* _The task_: An exact, complete copy of the entries is needed, with the pictures left out.

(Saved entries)
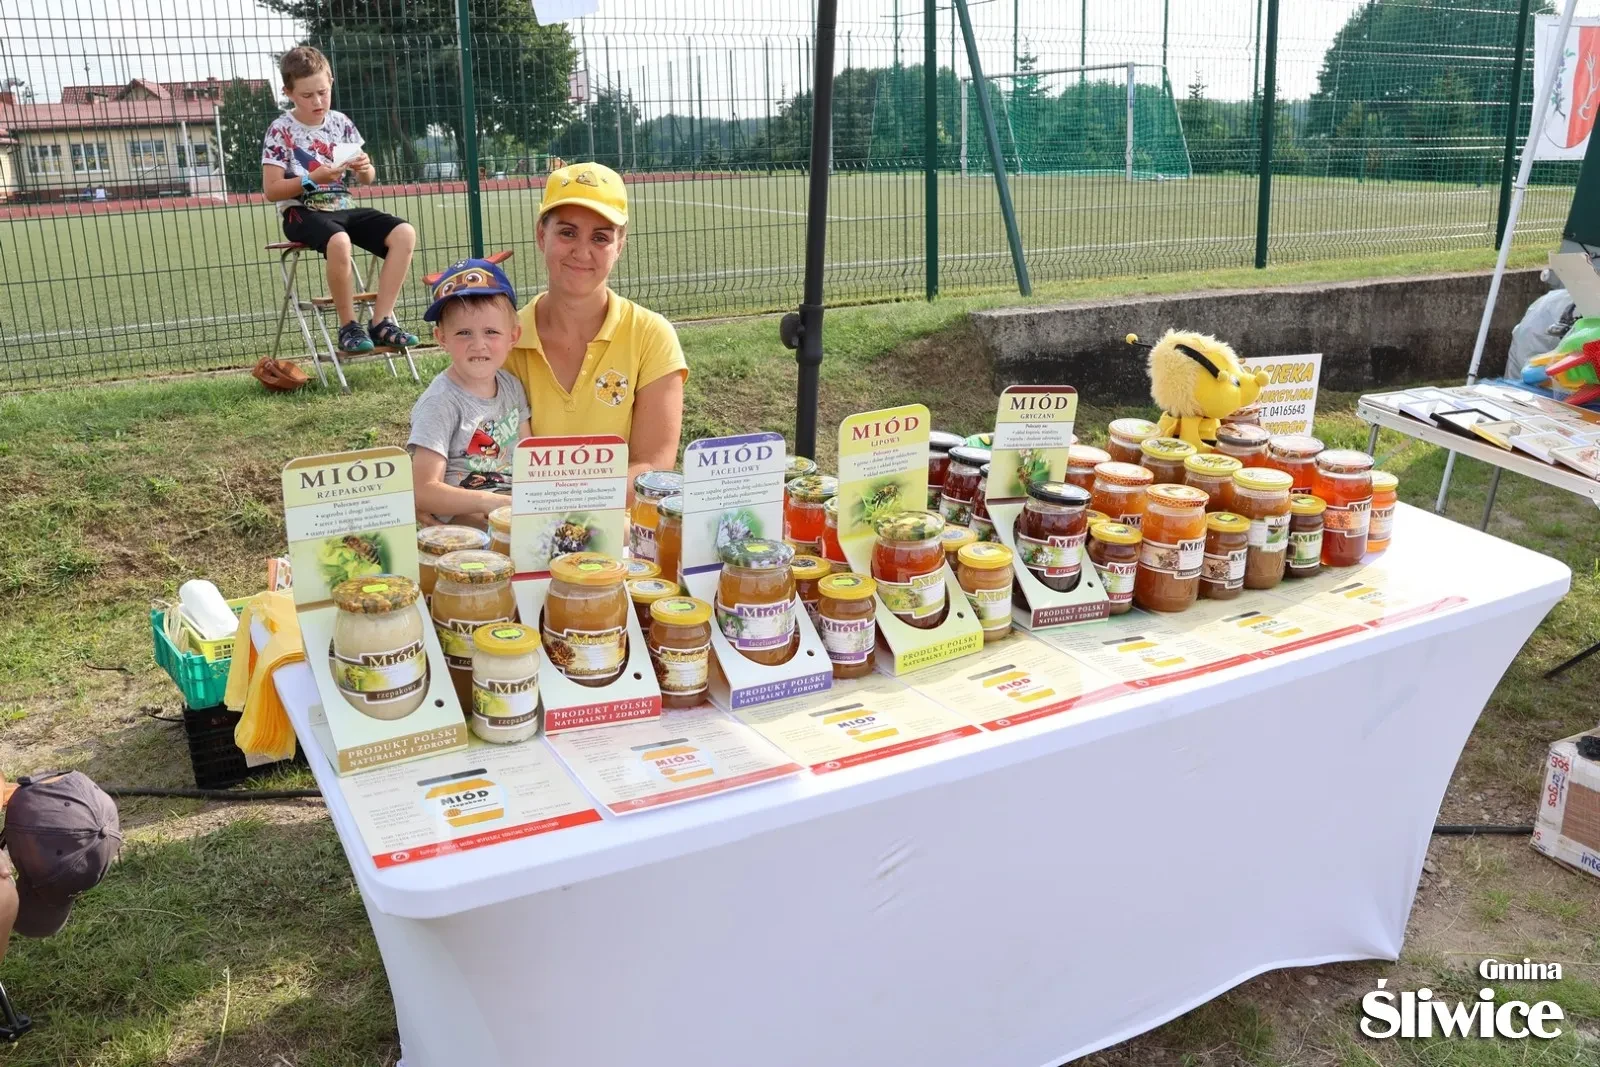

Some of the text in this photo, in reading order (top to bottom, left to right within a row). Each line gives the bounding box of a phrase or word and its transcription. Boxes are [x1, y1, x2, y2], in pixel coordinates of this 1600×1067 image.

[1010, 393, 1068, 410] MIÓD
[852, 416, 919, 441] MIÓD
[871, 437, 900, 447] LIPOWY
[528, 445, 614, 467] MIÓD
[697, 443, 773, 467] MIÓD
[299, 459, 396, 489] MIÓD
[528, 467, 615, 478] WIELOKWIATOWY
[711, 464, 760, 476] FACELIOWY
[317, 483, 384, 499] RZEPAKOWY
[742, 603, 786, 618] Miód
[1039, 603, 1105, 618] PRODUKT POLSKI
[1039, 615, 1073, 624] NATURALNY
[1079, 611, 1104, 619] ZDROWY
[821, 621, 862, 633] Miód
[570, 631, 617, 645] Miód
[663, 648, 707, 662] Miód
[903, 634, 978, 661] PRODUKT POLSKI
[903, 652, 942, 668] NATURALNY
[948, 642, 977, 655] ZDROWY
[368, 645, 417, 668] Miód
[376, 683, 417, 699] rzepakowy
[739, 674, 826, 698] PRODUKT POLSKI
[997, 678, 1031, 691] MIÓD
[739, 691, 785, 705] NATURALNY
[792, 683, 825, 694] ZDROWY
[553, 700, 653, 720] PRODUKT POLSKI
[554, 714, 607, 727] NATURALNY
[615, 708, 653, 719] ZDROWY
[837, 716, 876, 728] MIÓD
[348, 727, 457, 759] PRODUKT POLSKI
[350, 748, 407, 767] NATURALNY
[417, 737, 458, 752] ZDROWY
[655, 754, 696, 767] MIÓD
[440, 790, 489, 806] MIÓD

* _Result of the exercise_:
Some of the text in this photo, in reading order (top to bottom, left to right within a row). Each line gives the bounding box of a phrase or word and its transcription. Boxes are [x1, y1, x2, y2], in pixel coordinates of this 1600×1067 image.

[1010, 393, 1068, 410] MIÓD
[852, 416, 919, 441] MIÓD
[871, 437, 900, 447] LIPOWY
[528, 445, 614, 467] MIÓD
[697, 443, 773, 467] MIÓD
[299, 459, 396, 489] MIÓD
[528, 467, 615, 478] WIELOKWIATOWY
[711, 464, 760, 476] FACELIOWY
[317, 483, 384, 499] RZEPAKOWY
[742, 603, 786, 618] Miód
[1039, 603, 1105, 618] PRODUKT POLSKI
[1039, 615, 1073, 624] NATURALNY
[1079, 611, 1104, 619] ZDROWY
[821, 621, 862, 633] Miód
[570, 631, 617, 645] Miód
[663, 648, 707, 662] Miód
[903, 634, 978, 661] PRODUKT POLSKI
[903, 652, 942, 668] NATURALNY
[948, 642, 977, 655] ZDROWY
[368, 645, 417, 668] Miód
[376, 683, 417, 699] rzepakowy
[739, 674, 826, 698] PRODUKT POLSKI
[997, 678, 1031, 691] MIÓD
[739, 691, 785, 705] NATURALNY
[792, 683, 825, 694] ZDROWY
[553, 700, 653, 720] PRODUKT POLSKI
[554, 714, 607, 727] NATURALNY
[615, 708, 653, 719] ZDROWY
[837, 716, 876, 728] MIÓD
[348, 727, 457, 759] PRODUKT POLSKI
[350, 748, 407, 767] NATURALNY
[417, 737, 458, 752] ZDROWY
[655, 754, 696, 767] MIÓD
[440, 790, 489, 806] MIÓD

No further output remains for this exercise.